Reports that the UAE is planning on raising VAT and introduce further direct taxation have been refuted by a senior government minister
Younis Haji Al Khouri, Undersecretary of Ministry of Finance, told local media that, “there are no plans or decisions to raise VAT or impose new taxes in the near future.”
Quoted by Gulf News, he added: “There is no validity [in the rumours] on direct taxes or increasing VAT.
“Since the introduction of the VAT, it was decided that there will be no increases to the VAT rate for five years, after which the matter will be reviewed and an appropriate decision taken.”
Earlier in the week, an article published by Khaleej Times (KT) quoted industry experts who said that residents and companies must be prepared for new direct and indirect taxes down the line, as oil prices remain low.
Tax experts in the region reportedly told the daily that new taxes are expected to be applied on wealth and property, as well on businesses.
Dr Rasheed Al Qenae, head of tax at KPMG Middle East and South Asia and managing partner at KPMG Kuwait, in an interview with KT said: “Looking at the budgets and oil prices, GCC governments will have to introduce new taxes but they cannot bundle it in one go. They have to break down slowly. For example, in Kuwait, they mentioned about corporate tax and then on the far end it will be income tax.”
Al Qenae further added: “In 10 years, we expect wealth, property and asset taxes can be levied in the region because it is not that the governments want to impose but because they will have to. They will come gradually and take time. Now governments are focused on introducing value-added tax across region. Once that is stabilised, they will think about others.”

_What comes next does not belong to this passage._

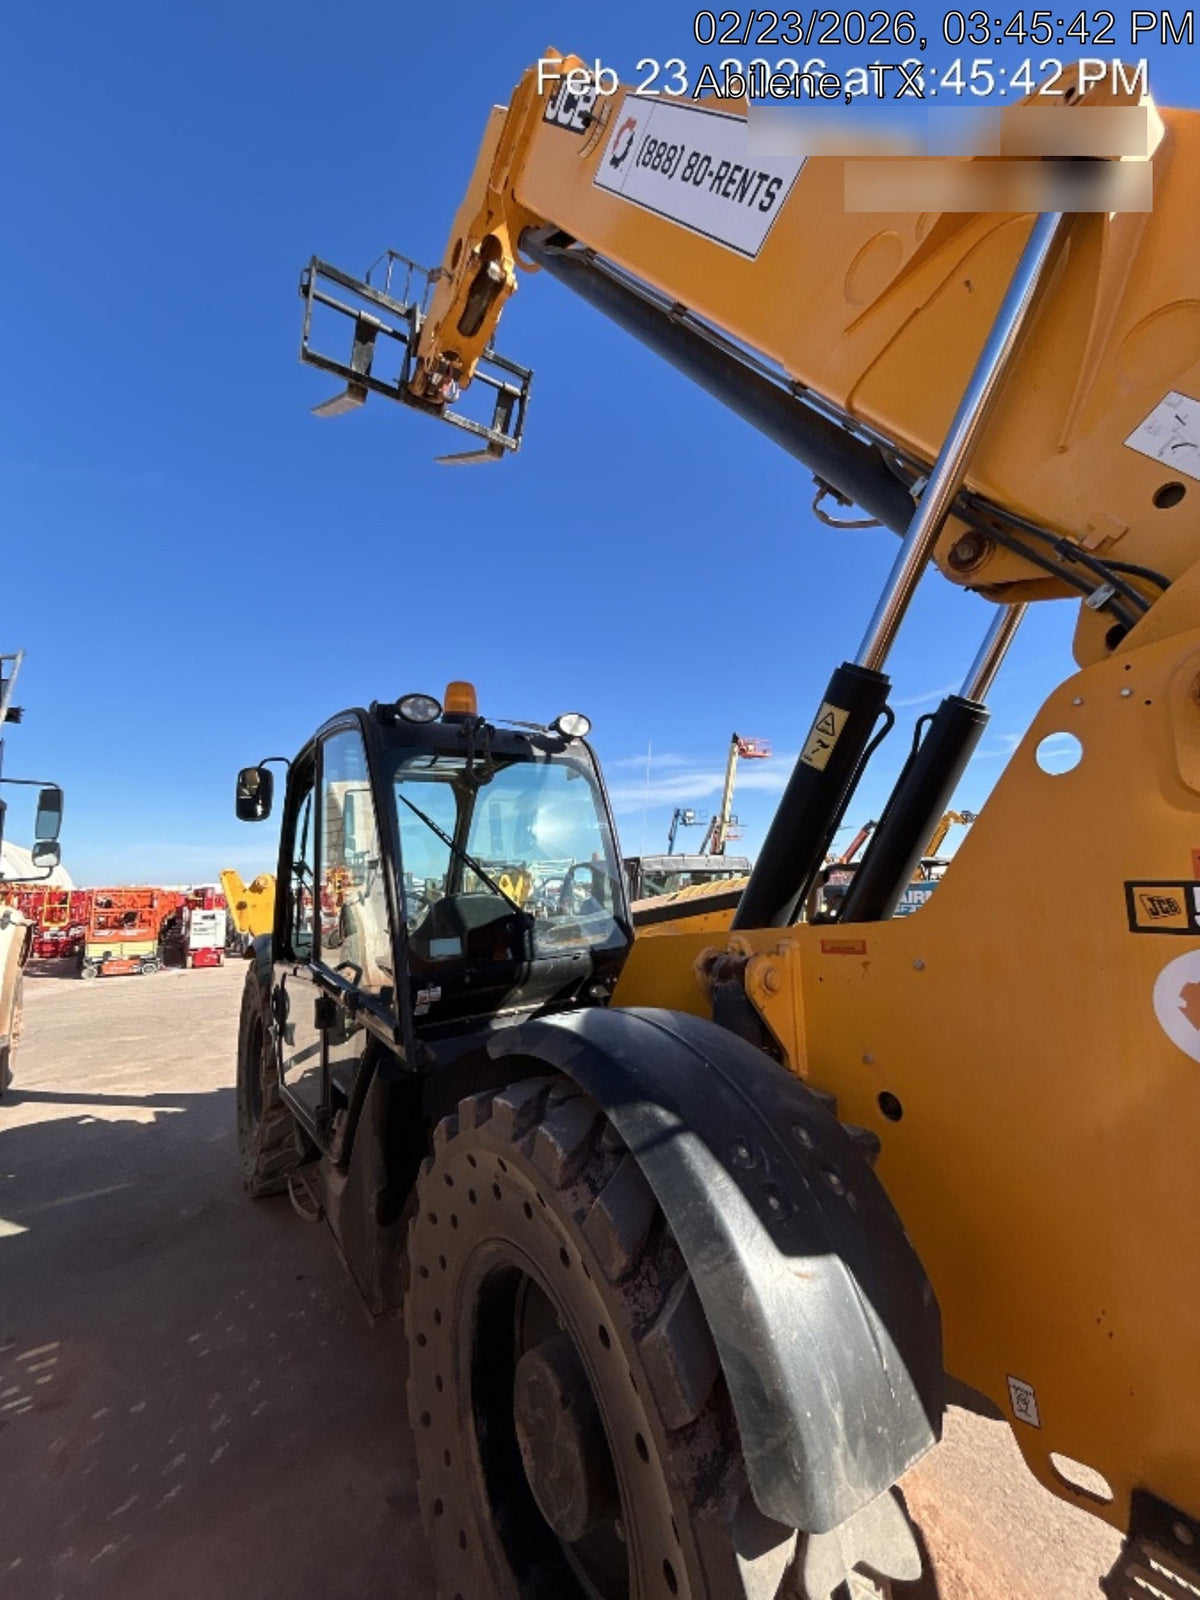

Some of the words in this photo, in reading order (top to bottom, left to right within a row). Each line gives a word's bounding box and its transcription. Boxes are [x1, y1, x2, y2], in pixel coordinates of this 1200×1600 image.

[636, 134, 686, 180] (888)
[681, 150, 783, 213] 80-RENTS
[1143, 895, 1180, 918] JCB

He said the GCC region is at the elementary stage of tax education and the governments will have to look at other sources of funds meanwhile, luxury tax could also be introduced in the medium term.
According to an EY report, indirect taxes are not new to the region. 2017 saw the initial stages of the progressive introduction of excise tax on selected goods in the region, while 2018 marked the start of VAT (value-added tax) in many of the same regions.
EY predicted that GCC member states that have not introduced both taxes will follow suit in due course.
Moreover, Khalid Ali Al Bustani, Director-General of the Federal Tax Authority (FTA) in the UAE talked about expanding the scope of excise tax, in line with the UAE leadership’s vision to build a safe, healthy community by curbing the consumption of harmful products and diversifying sources of income.
The decision goes into effect on 1st December, 2019, expanding the list of goods subject to excise tax to include sweetened drinks, electronic smoking devices and tools, and the liquids used in these devices, which will be added to the items that have carried the tax since it first went into effect on 1st October, 2017, namely, tobacco and tobacco products, energy drinks, and carbonated beverages, according to a report by state news agency, WAM.
Meanwhile, Rajiv Hira, director at RHMC Management Consultants stated to KT that in terms of direct tax, federal level corporate income distribution tax – i.e. tax on distribution of income/profit, dividend, etc – could be levied in the UAE with a larger and expanded tax base.
He said: “Corporate tax creates a stagnant source of income at the country level and facilitate in uplifting the compliance environment with international best practices. We should be expecting the rate of tax in the range of 5 to 10 per cent, to maintain the competitive advantage and also align with global environment for growth and sustainability.”
“In the space of indirect tax, we should be expecting an expansion of industry [based on global presence], for example, gaming, racing, exotic clubs, etc, and resultant expansion of sin tax on those products/services. It’s too early to say by when, however this is a balancing act of being global and connected with the roots,” he concluded.